Saved data entries
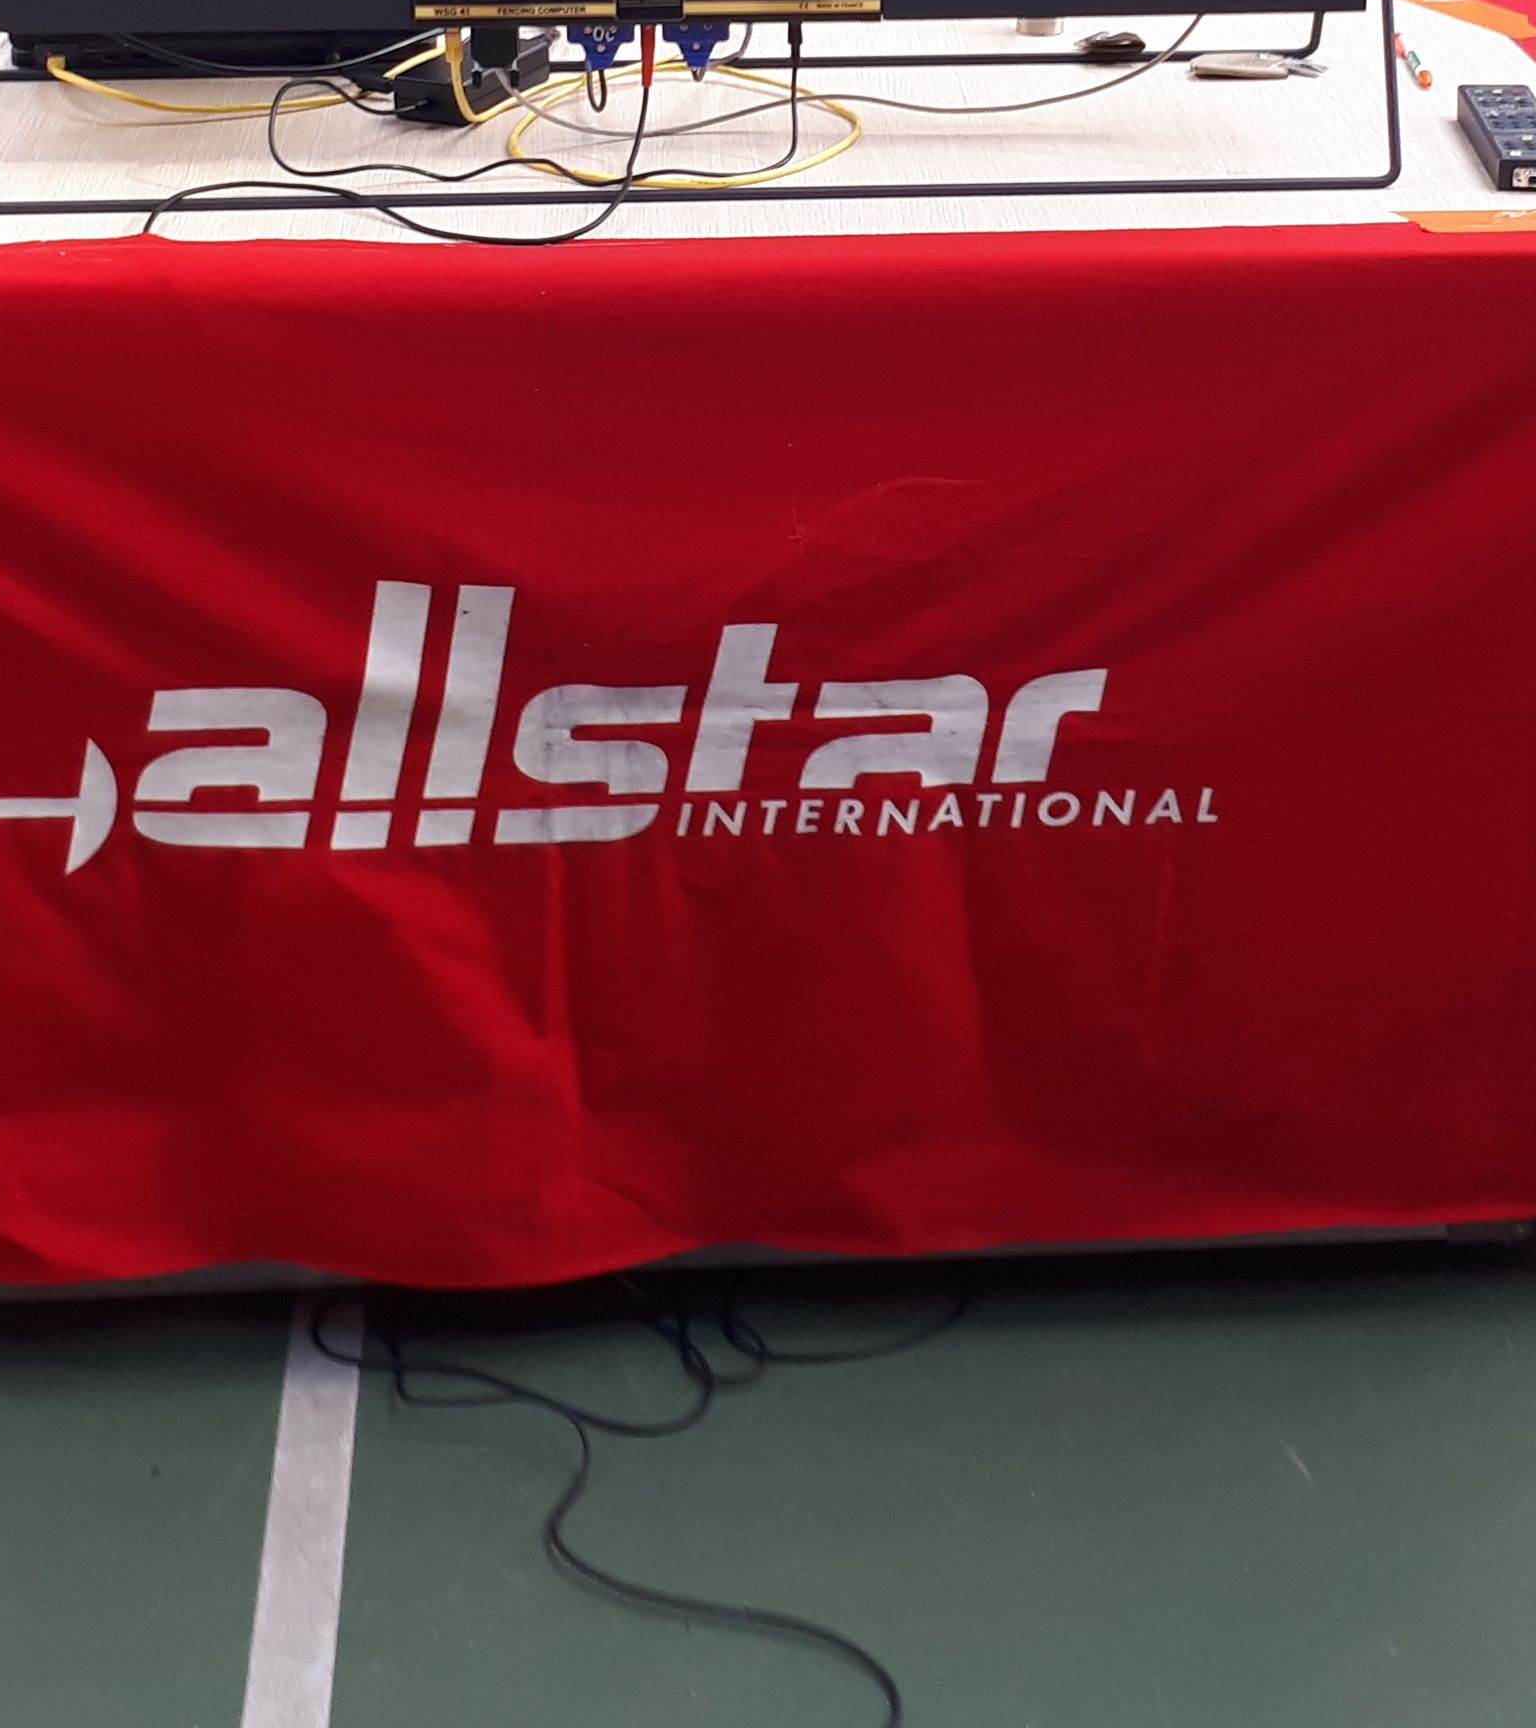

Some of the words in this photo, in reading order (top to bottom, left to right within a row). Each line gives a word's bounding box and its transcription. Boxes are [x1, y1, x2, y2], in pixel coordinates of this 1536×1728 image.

[496, 7, 534, 16] FENCING
[537, 5, 586, 15] COMPUTER
[133, 580, 1109, 850] allstar
[676, 787, 1219, 838] INTERNATIONAL
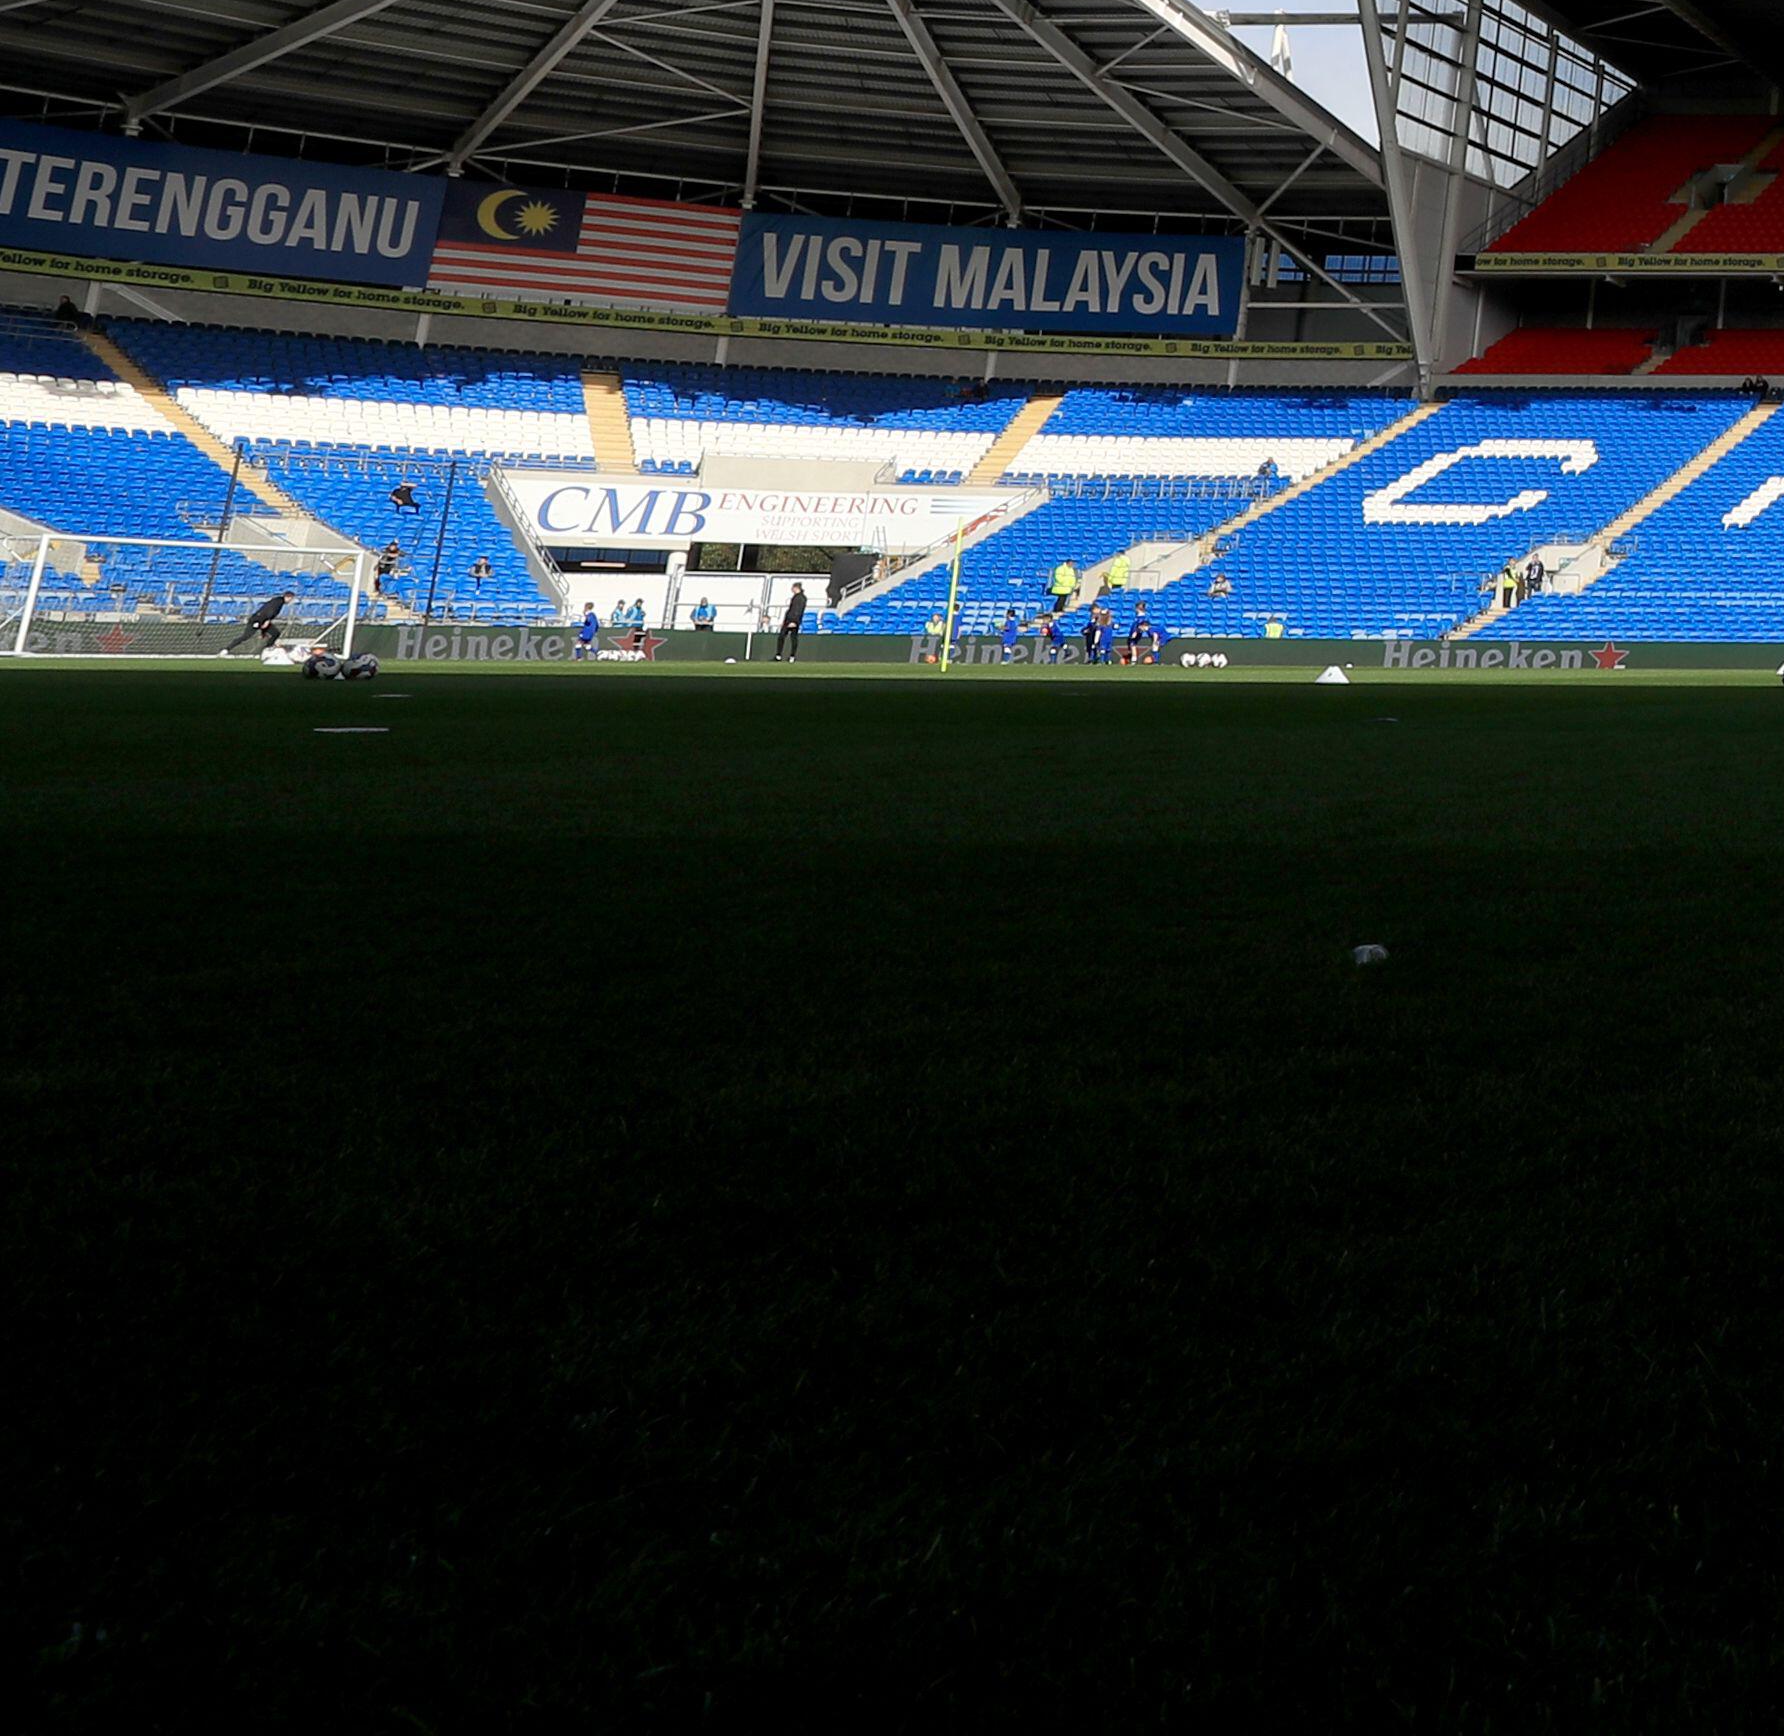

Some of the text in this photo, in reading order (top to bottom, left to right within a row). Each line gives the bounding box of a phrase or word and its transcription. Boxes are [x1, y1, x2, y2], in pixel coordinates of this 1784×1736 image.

[0, 148, 420, 259] TERENGGANU
[50, 258, 69, 269] for
[73, 261, 122, 274] home
[126, 268, 194, 284] storage.
[1510, 257, 1539, 265] home
[763, 232, 1220, 316] VISIT MALAYSIA
[248, 278, 273, 292] Big
[279, 282, 329, 294] Yellow
[332, 286, 350, 298] for
[357, 289, 400, 303] home
[513, 304, 536, 316] Big
[543, 306, 586, 318] Yellow
[592, 310, 610, 320] for
[615, 311, 654, 324] home
[759, 323, 780, 334] Big
[785, 324, 827, 335] Yellow
[830, 327, 848, 337] for
[850, 328, 888, 338] home
[984, 335, 1004, 345] Big
[1009, 336, 1047, 346] Yellow
[1050, 338, 1065, 347] for
[1068, 338, 1101, 348] home
[537, 486, 711, 537] CMB
[717, 492, 918, 515] ENGINEERING
[761, 515, 859, 529] SUPPORTING
[754, 528, 862, 543] WELSH SPORT
[1383, 641, 1583, 668] Heineken

## [Problem statement]
Leaving images out, please output every line of the data exactly.

## [Task answer]
Some of the words in this photo, in reading order (top to bottom, left to right within a row). Each line gives a word's bounding box and its transcription. Boxes are [x1, y1, x2, y2], in pixel coordinates of this 1536×1728 image.

[496, 7, 534, 16] FENCING
[537, 5, 586, 15] COMPUTER
[133, 580, 1109, 850] allstar
[676, 787, 1219, 838] INTERNATIONAL

Some of the text in this photo, in reading order (top to bottom, left to right within a row). Each line gives the bounding box of a phrase or word and its transcription. Boxes are [x1, y1, x2, y2], in pixel coordinates of this 1784×1736 image.

[0, 148, 420, 259] TERENGGANU
[50, 258, 69, 269] for
[73, 261, 122, 274] home
[126, 268, 194, 284] storage.
[1510, 257, 1539, 265] home
[763, 232, 1220, 316] VISIT MALAYSIA
[248, 278, 273, 292] Big
[279, 282, 329, 294] Yellow
[332, 286, 350, 298] for
[357, 289, 400, 303] home
[513, 304, 536, 316] Big
[543, 306, 586, 318] Yellow
[592, 310, 610, 320] for
[615, 311, 654, 324] home
[759, 323, 780, 334] Big
[785, 324, 827, 335] Yellow
[830, 327, 848, 337] for
[850, 328, 888, 338] home
[984, 335, 1004, 345] Big
[1009, 336, 1047, 346] Yellow
[1050, 338, 1065, 347] for
[1068, 338, 1101, 348] home
[537, 486, 711, 537] CMB
[717, 492, 918, 515] ENGINEERING
[761, 515, 859, 529] SUPPORTING
[754, 528, 862, 543] WELSH SPORT
[1383, 641, 1583, 668] Heineken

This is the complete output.